Stored data entries:
BEGIN
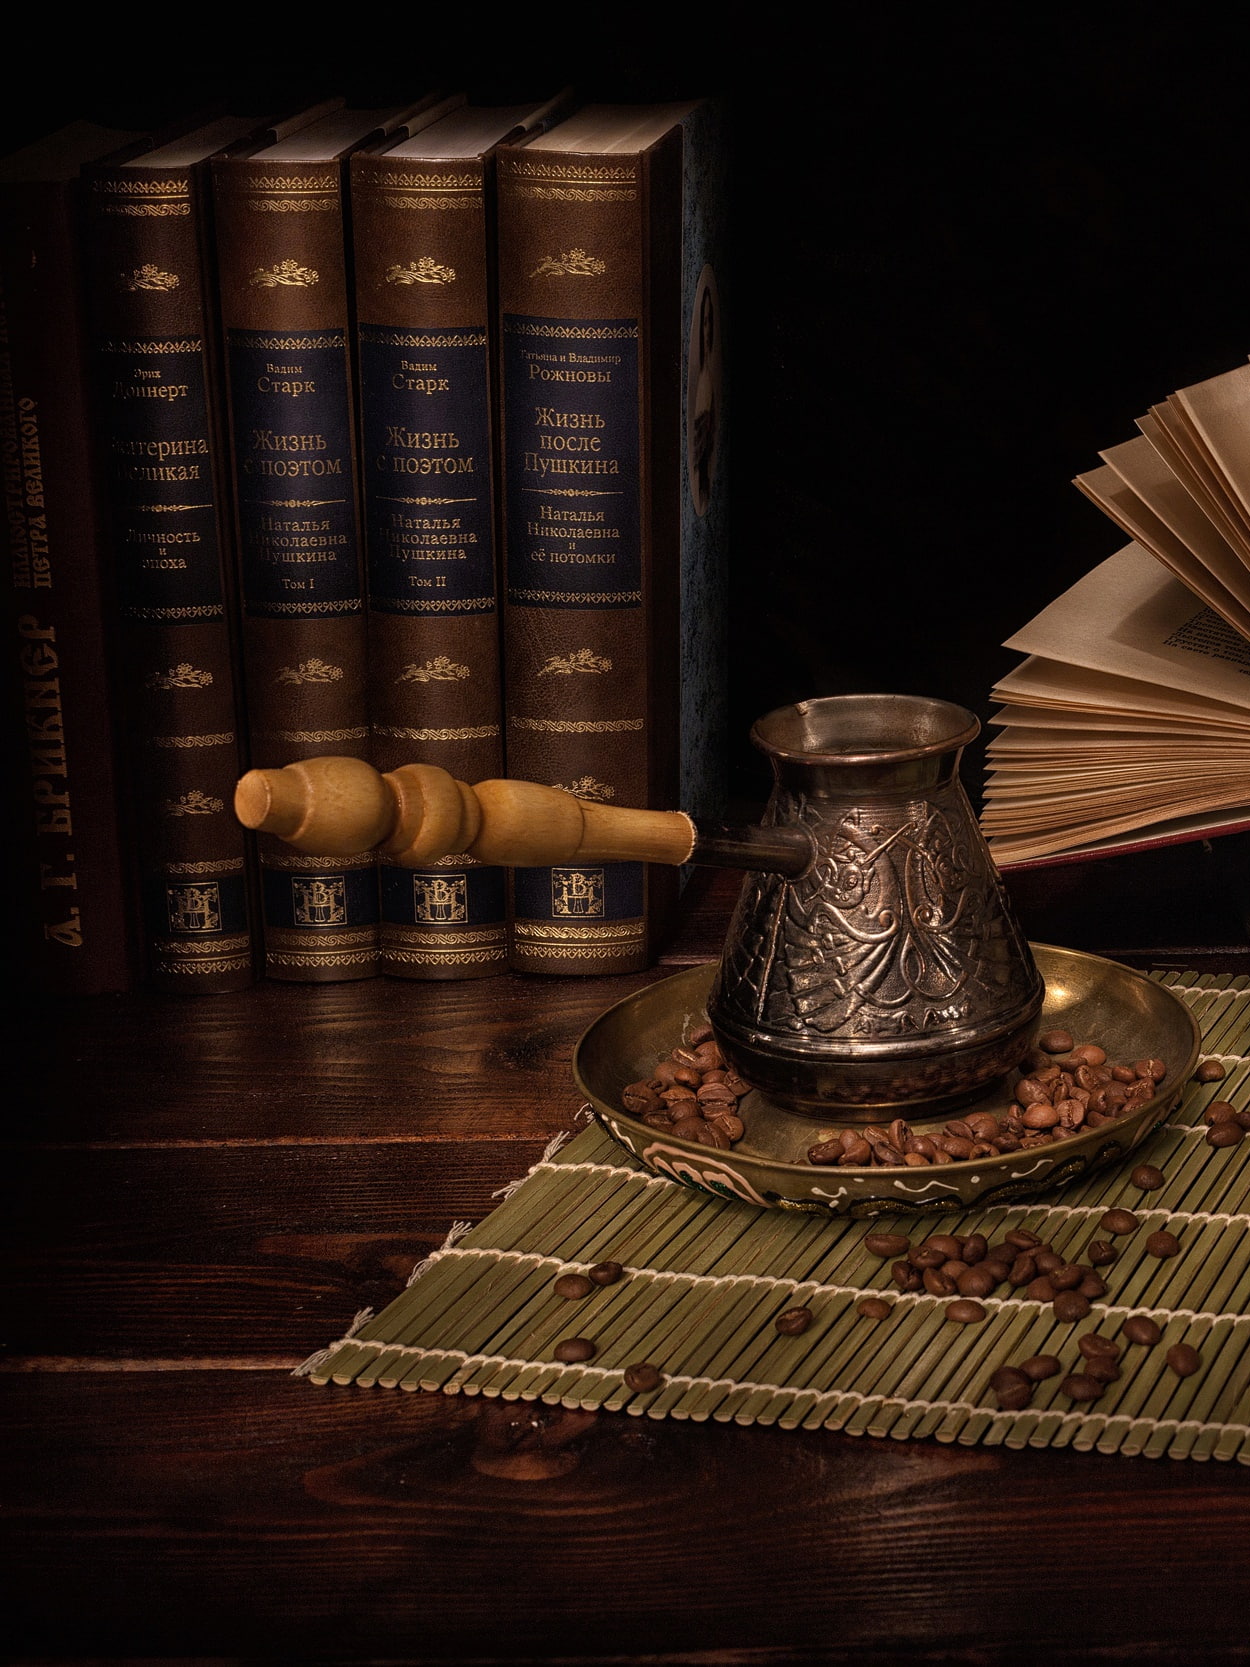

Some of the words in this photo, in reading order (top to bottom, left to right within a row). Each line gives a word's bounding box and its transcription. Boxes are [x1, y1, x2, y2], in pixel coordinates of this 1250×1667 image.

[401, 360, 438, 372] Вадим
[568, 353, 622, 365] Владимир
[266, 363, 303, 374] Вадим
[529, 364, 612, 383] Рожновы
[256, 377, 316, 397] Старк
[391, 374, 450, 394] Старк
[535, 406, 606, 429] Жизнь
[253, 429, 327, 452] Жизнь
[386, 426, 460, 450] Жизнь
[540, 434, 602, 452] после
[18, 397, 45, 508] ВЕЛИКОГО
[260, 458, 342, 477] поэтом
[393, 456, 474, 475] поэтом
[524, 452, 620, 477] Пушкина
[392, 514, 461, 530] Наталья
[540, 505, 606, 522] Наталья
[261, 516, 330, 532] Наталья
[527, 522, 620, 539] Николаевна
[28, 514, 52, 589] ПЕТРА
[390, 545, 467, 562] Пушкина
[530, 550, 546, 562] её
[550, 552, 616, 564] потомки
[281, 578, 306, 589] Том
[408, 576, 432, 587] Том
[17, 613, 73, 838] БРИКНЕР
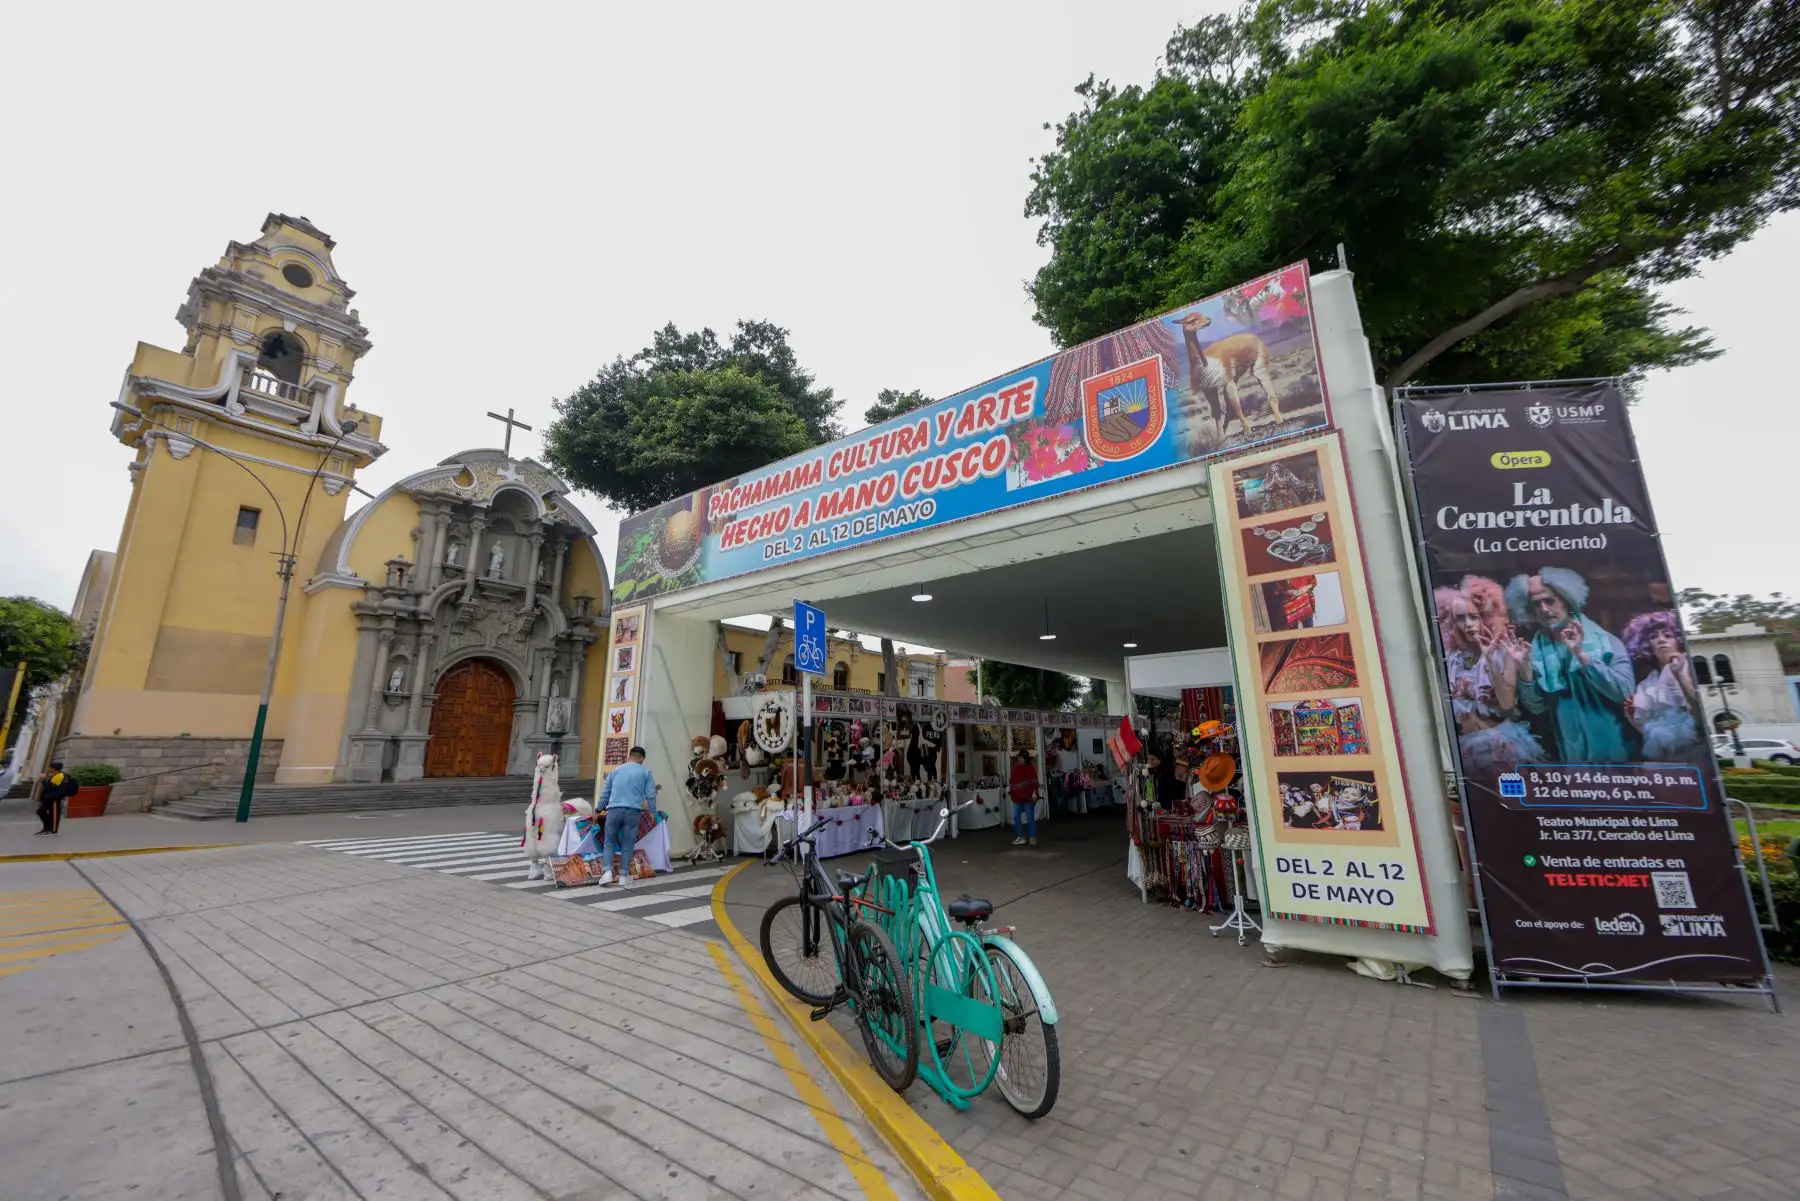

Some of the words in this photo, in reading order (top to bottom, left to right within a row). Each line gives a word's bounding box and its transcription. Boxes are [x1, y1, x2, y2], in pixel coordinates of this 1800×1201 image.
END
EXERCISE DIRECTIONS:
Repeat the full set of records exactly, and output no pictures.

ANSWER:
Some of the words in this photo, in reading order (top to bottom, left to right within a row). Each line gives a word's bounding box and its transcription. Boxes are [x1, y1, x2, y2], in pixel coordinates of this 1250×1667 image.

[401, 360, 438, 372] Вадим
[568, 353, 622, 365] Владимир
[266, 363, 303, 374] Вадим
[529, 364, 612, 383] Рожновы
[256, 377, 316, 397] Старк
[391, 374, 450, 394] Старк
[535, 406, 606, 429] Жизнь
[253, 429, 327, 452] Жизнь
[386, 426, 460, 450] Жизнь
[540, 434, 602, 452] после
[18, 397, 45, 508] ВЕЛИКОГО
[260, 458, 342, 477] поэтом
[393, 456, 474, 475] поэтом
[524, 452, 620, 477] Пушкина
[392, 514, 461, 530] Наталья
[540, 505, 606, 522] Наталья
[261, 516, 330, 532] Наталья
[527, 522, 620, 539] Николаевна
[28, 514, 52, 589] ПЕТРА
[390, 545, 467, 562] Пушкина
[530, 550, 546, 562] её
[550, 552, 616, 564] потомки
[281, 578, 306, 589] Том
[408, 576, 432, 587] Том
[17, 613, 73, 838] БРИКНЕР

Some of the words in this photo, in reading order (top to bottom, left to right within a row). Each line gives a word's bounding box and its transcription. Boxes are [x1, y1, x2, y2], in pixel coordinates of this 1800×1201 image.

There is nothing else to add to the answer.